Flexible skew-symmetric shape model for shape representation, classification, and sampling.

Skewness of shape data often arises in applications (e.g., medical image analysis) and is usually overlooked in statistical shape models. In such cases, a Gaussian assumption is unrealistic and a formulation of a general shape model which accounts for skewness is in order. In this paper, we present a novel statistical method for shape modeling, which we refer to as the flexible skew-symmetric shape model (FSSM). The model is sufficiently flexible to accommodate a departure from Gaussianity of the data and is fairly general to learn a "mean shape" (template), with a potential for classification and random generation of new realizations of a given shape.
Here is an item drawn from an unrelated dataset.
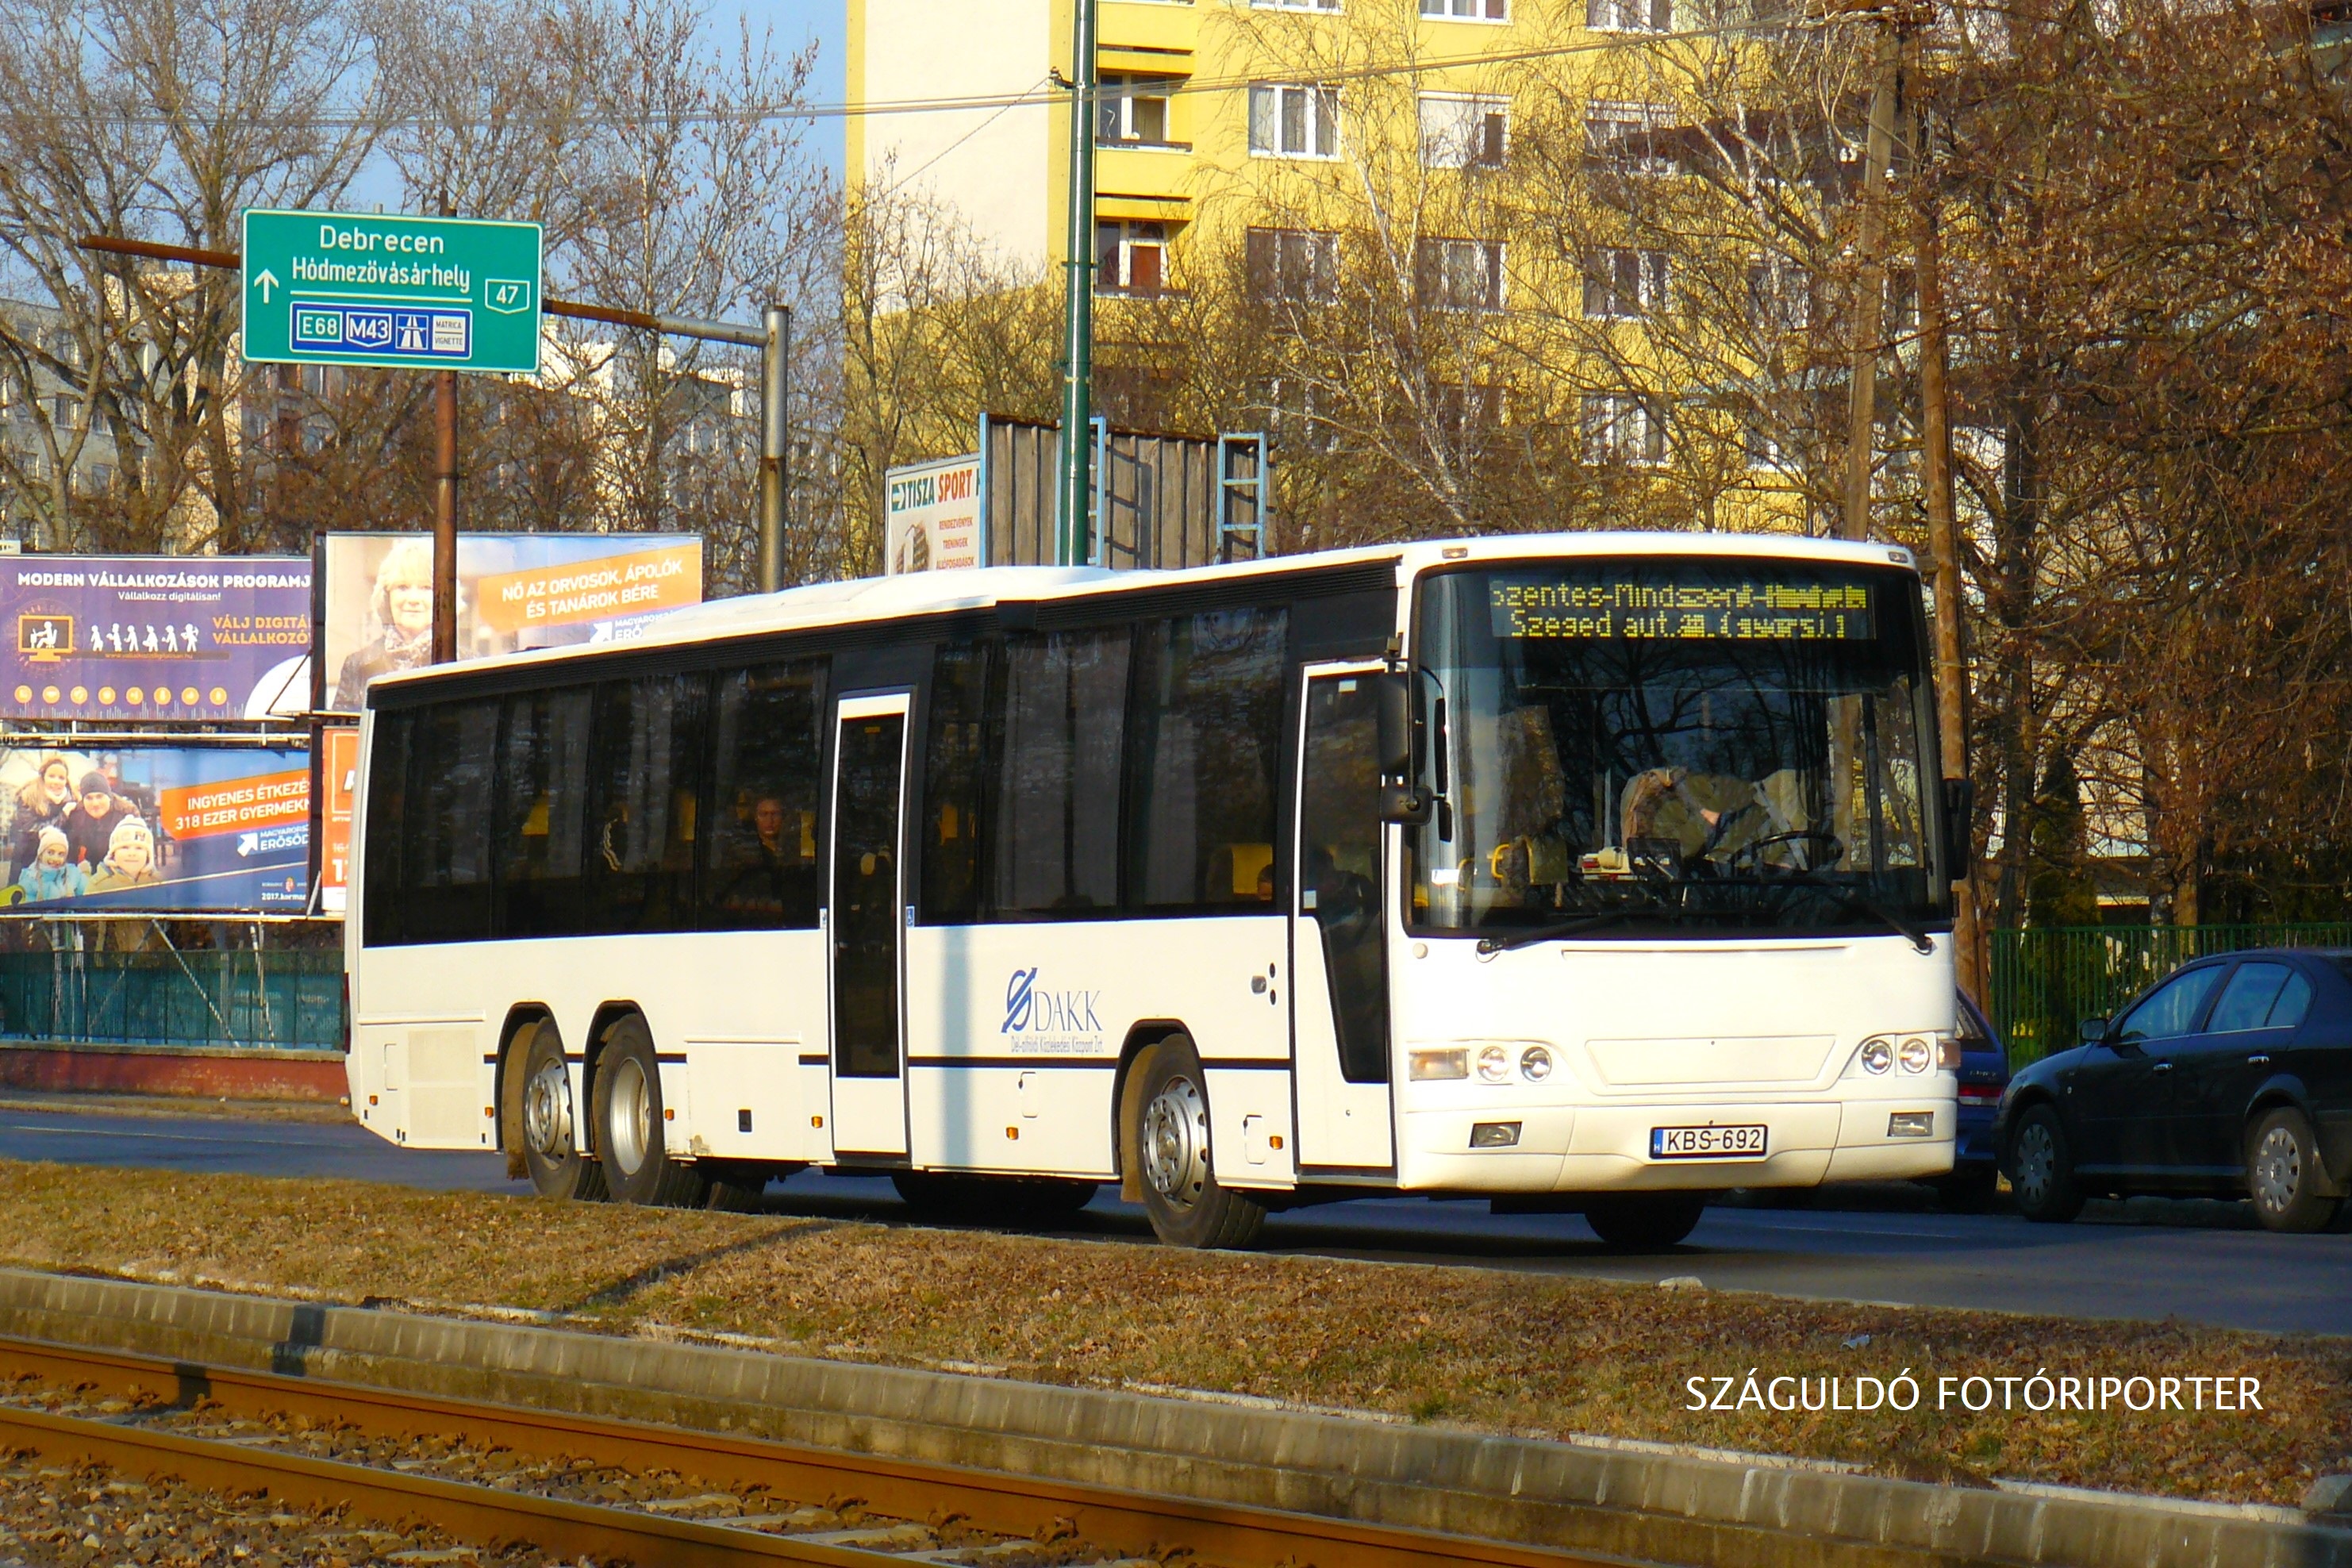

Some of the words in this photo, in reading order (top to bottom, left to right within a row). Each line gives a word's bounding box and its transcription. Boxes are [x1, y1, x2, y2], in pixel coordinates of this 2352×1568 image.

Robustness to skewness results from deriving the FSSM from an extended class of flexible skew-symmetric distributions. In addition, we demonstrate that the model allows us to extract principal curves in a point cloud. The idea is to view a shape as a realization of a spatial random process and to subsequently learn a shape distribution which captures the inherent variability of realizations, provided they remain, with high probability, within a certain neighborhood range around a mean. Specifically, given shape realizations, FSSM is formulated as a joint bimodal distribution of angle and distance from the centroid of an aggregate of random points. Mean shape is recovered from the modes of the distribution, while the maximum likelihood criterion is employed for classification.